Chamberlain was stationed in Kentish Town, North London, and his curiosity was further piqued while on foot patrol one night.

“I suppose it was about 2am,” he says, “and I heard this most extraordinary sound. I saw the nose of something appear at a red light and could see elements of both C- and D-type Jaguars, though it wasn’t either. It had D-type wheels, too, and as it moved off, I could hear it had quite a trick camshaft. I made a few enquiries, tracked it down to a local street with a row of garages and it turned out to be YPK 400, the Cooper-Jaguar. The owner told me he found it a bit ludicrous for the road, which wasn’t surprising. Most of the running gear came from a D-type and I arranged a swap deal with my XK. The Cooper was the first car I raced. I was supposed to make my debut at an Eight Clubs meeting at Silverstone, in ’64 if memory serves, but it all went wrong because I knew John Gott [chief constable of Northants, and a distinguished racer of Austin Healeys] and he asked if he could have a go. I think he just wanted a play, but another driver ran into him and I decided against racing that day. I ended up using the car at several club meetings, but my first marriage was now looming – which meant a house, furniture and other things, so the Cooper was sold for £870 to cover some of that.”

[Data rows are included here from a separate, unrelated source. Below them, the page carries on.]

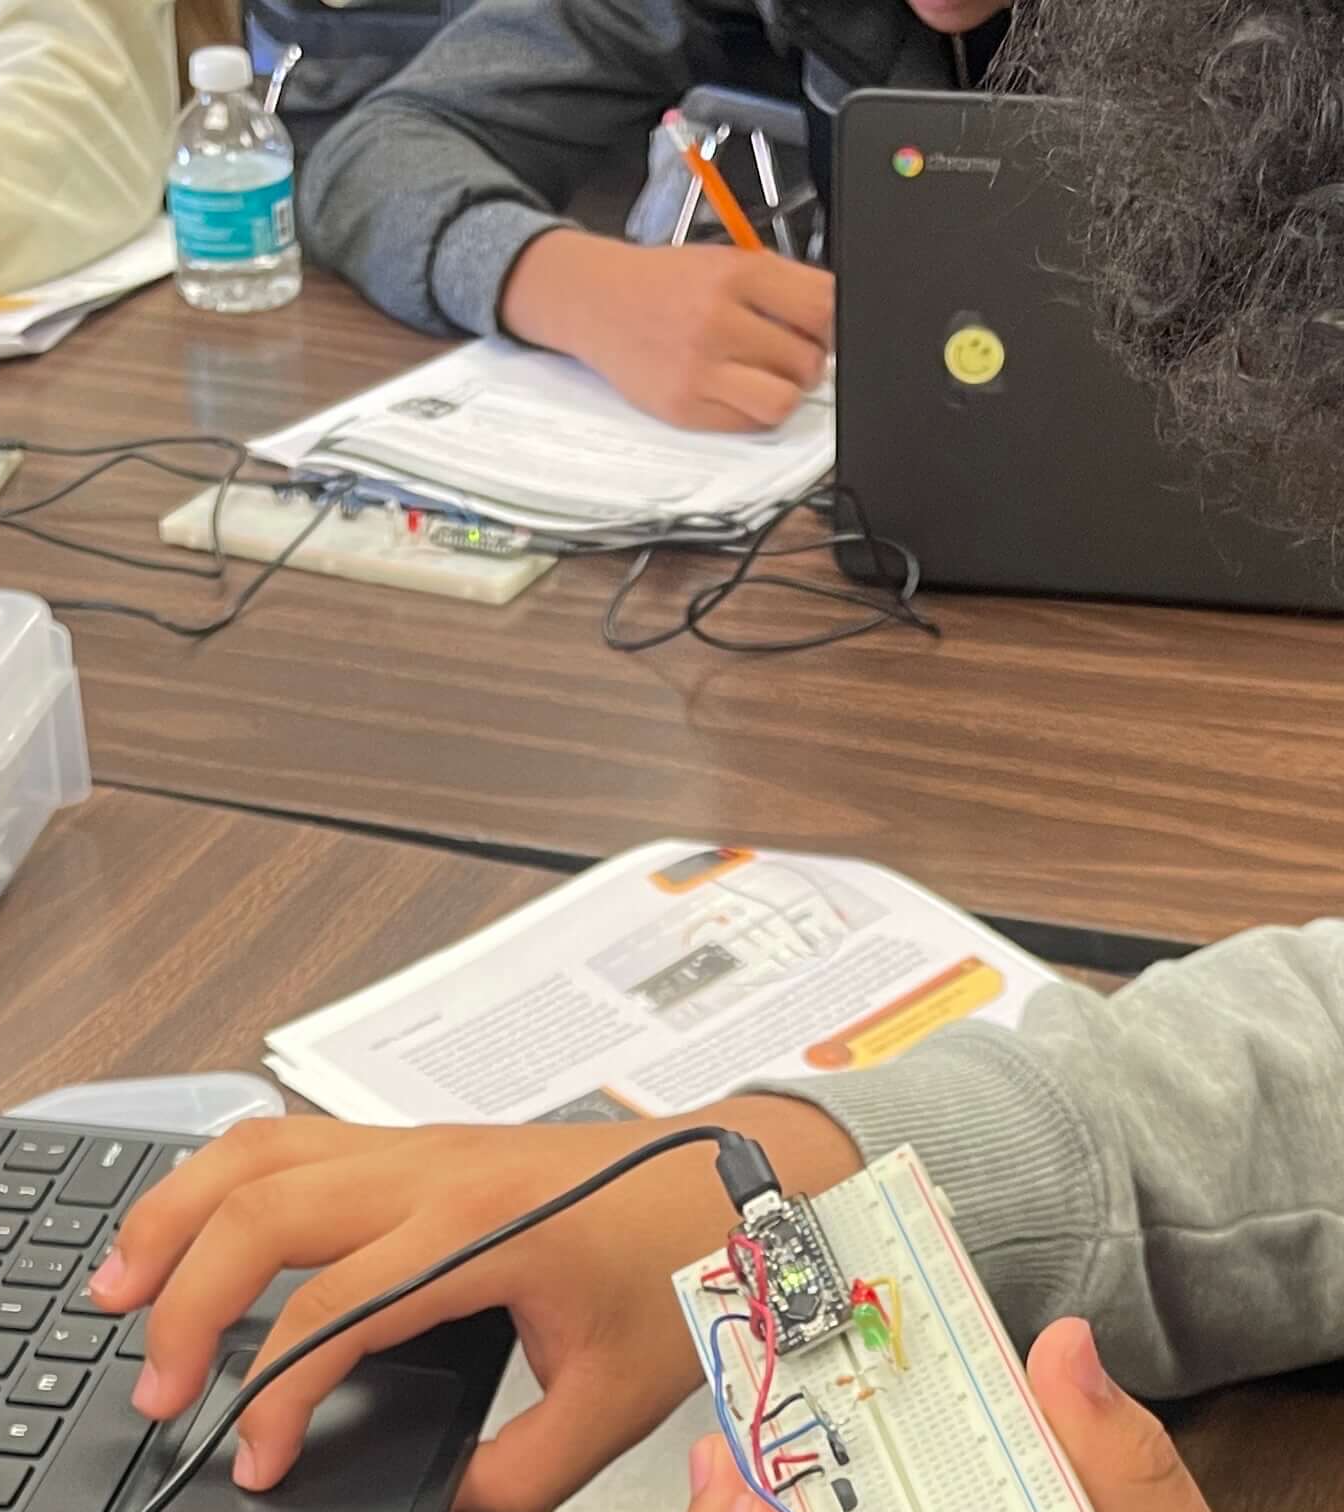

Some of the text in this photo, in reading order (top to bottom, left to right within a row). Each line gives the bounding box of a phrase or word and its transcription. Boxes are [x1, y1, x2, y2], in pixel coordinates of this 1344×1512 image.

[0, 1303, 22, 1312] l
[37, 1374, 58, 1391] m
[9, 1423, 28, 1437] n
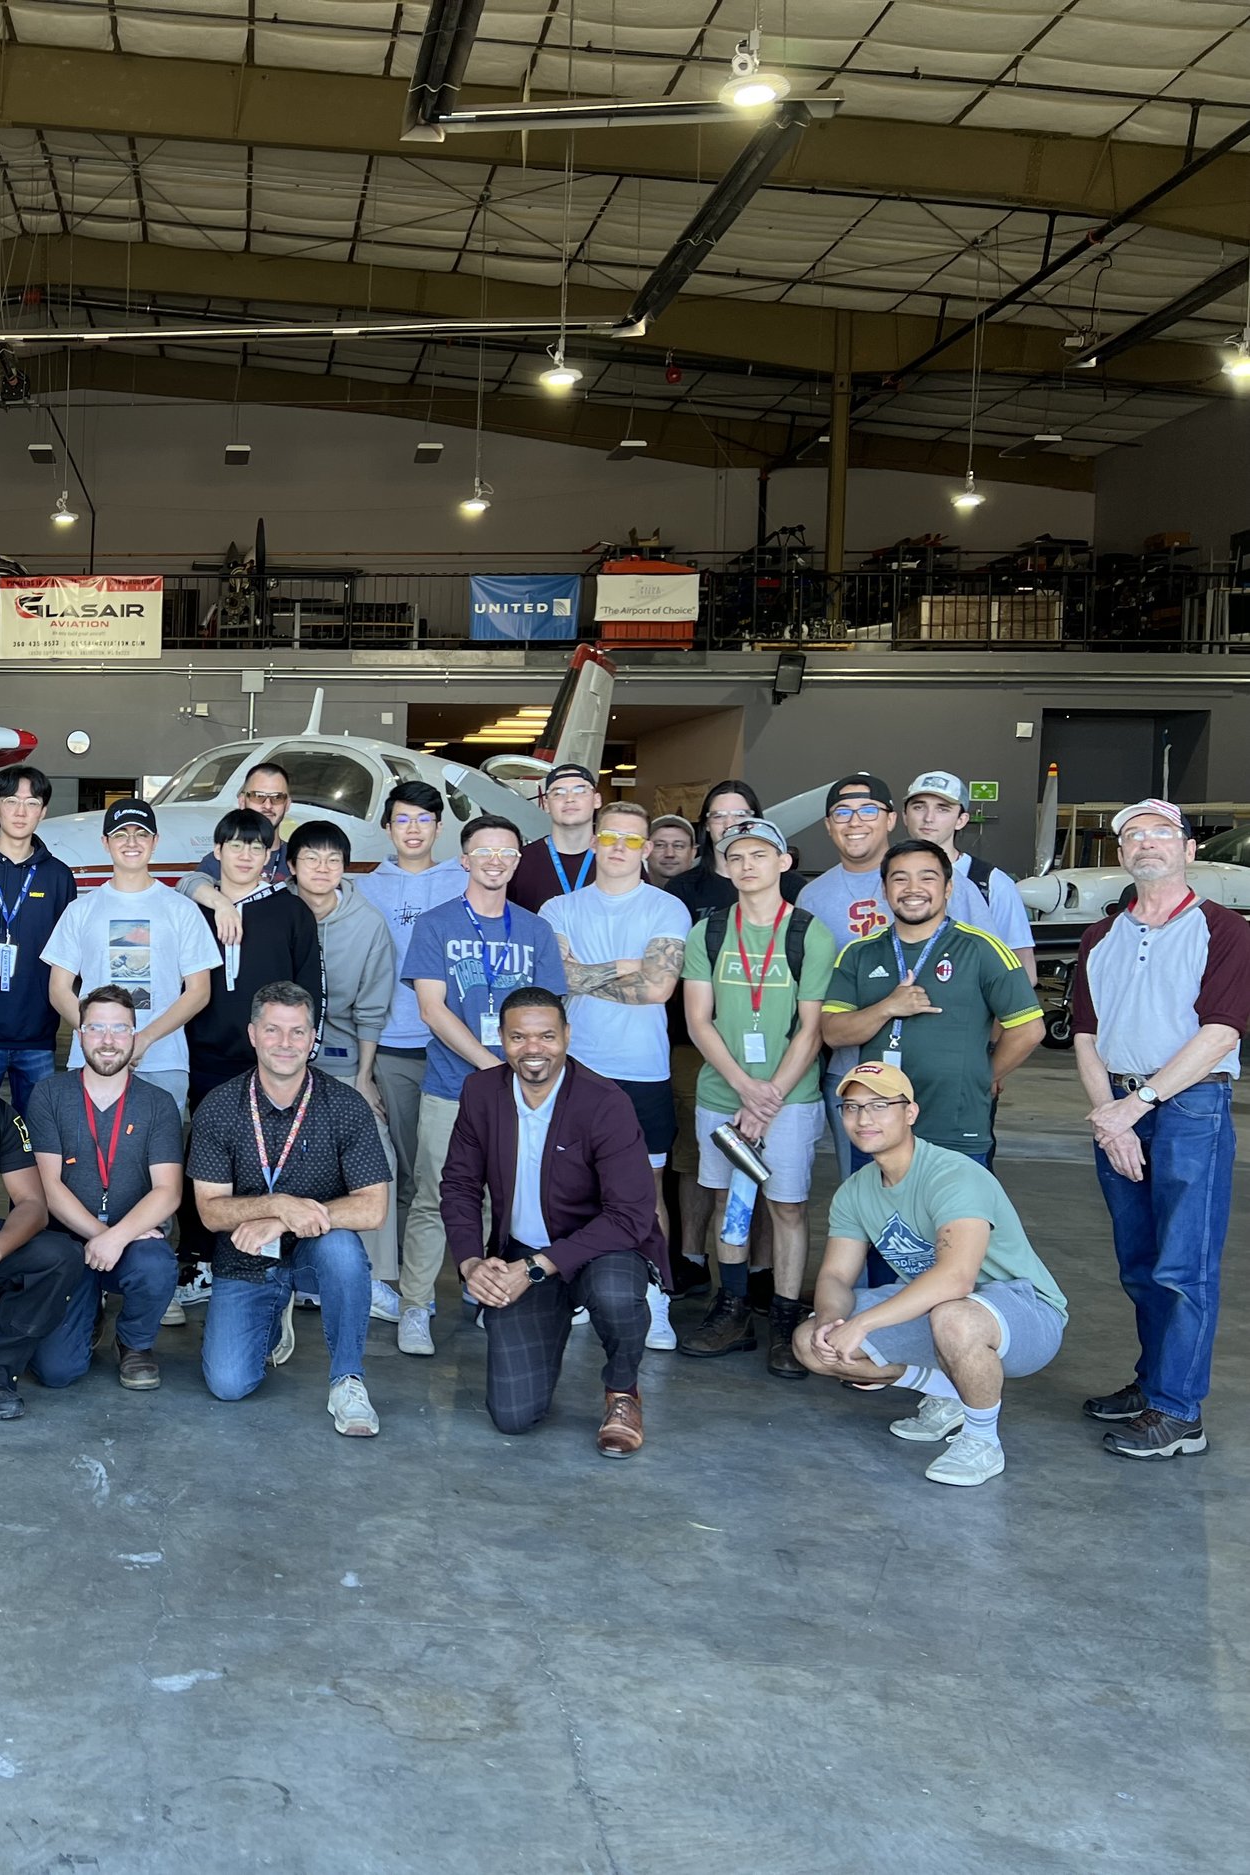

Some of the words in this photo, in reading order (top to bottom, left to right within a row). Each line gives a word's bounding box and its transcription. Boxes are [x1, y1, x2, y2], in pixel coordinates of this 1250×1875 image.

[15, 592, 145, 619] GLASAIR
[474, 603, 549, 614] UNITED
[620, 606, 650, 616] Airport
[652, 606, 662, 615] of
[50, 620, 109, 628] AVIATION

He had now left the Met and was managing a motor parts business for a former police colleague, who had been doing well in London and invited Chamberlain to run a newly opened second store in Hertford. “At that stage,” he says, “I had to start learning a little more about how cars worked.” Not that he was particularly prepared for what followed.

“One afternoon I received a phone call from a chum in Northampton. ‘Ah, Chamberlain – when are you going to come and pick up your stuff from my garage?’ I hadn’t the faintest idea what he was talking about, but it transpired that he’d been collecting bits to build a U2 Clubmans car – this was still before they were known as Mallocks – and his wife had twigged. Faced with the choice of a divorce or lying, he chose the latter and told her the stuff was all mine. I’d never heard of a U2, didn’t want it, and certainly couldn’t afford it, but I’d been his best man and felt I should help, so I went to pick up a chassis and pretty much all the bits, bar engine and gearbox, to put a whole car together.

“At that stage, I barely knew a flywheel from a flat tyre, but I started nailing things together – albeit not terribly well. I had no idea how to fit the front suspension, not a clue. It was a Ford Popular swing axle thing, which needed to be cut, shut and welded. So, I contacted its designer Arthur Mallock and he put me in touch with preparation expert Dave Reeves, who was running a 6B for a guy who was actually quite quick – one Max Mosley. After Dave had done his stuff, my car was identical to Max’s and I now just had to buy and fit an engine and ancillaries. The biggest problem, when I took it to Silverstone for its first-ever run, was that every so often it would jump sideways by about a foot and a half. It was horrendous, though to my surprise I eventually fathomed out what was wrong. I’d bolted a Panhard rod in some hole or other – it was supposed to be roughly parallel to the ground with the driver on board, but it was at quite an angle and whenever you went over a bump, the axle was pulled one way or the other. Working out that problem was perhaps the first indication that I might have some idea about the set-up.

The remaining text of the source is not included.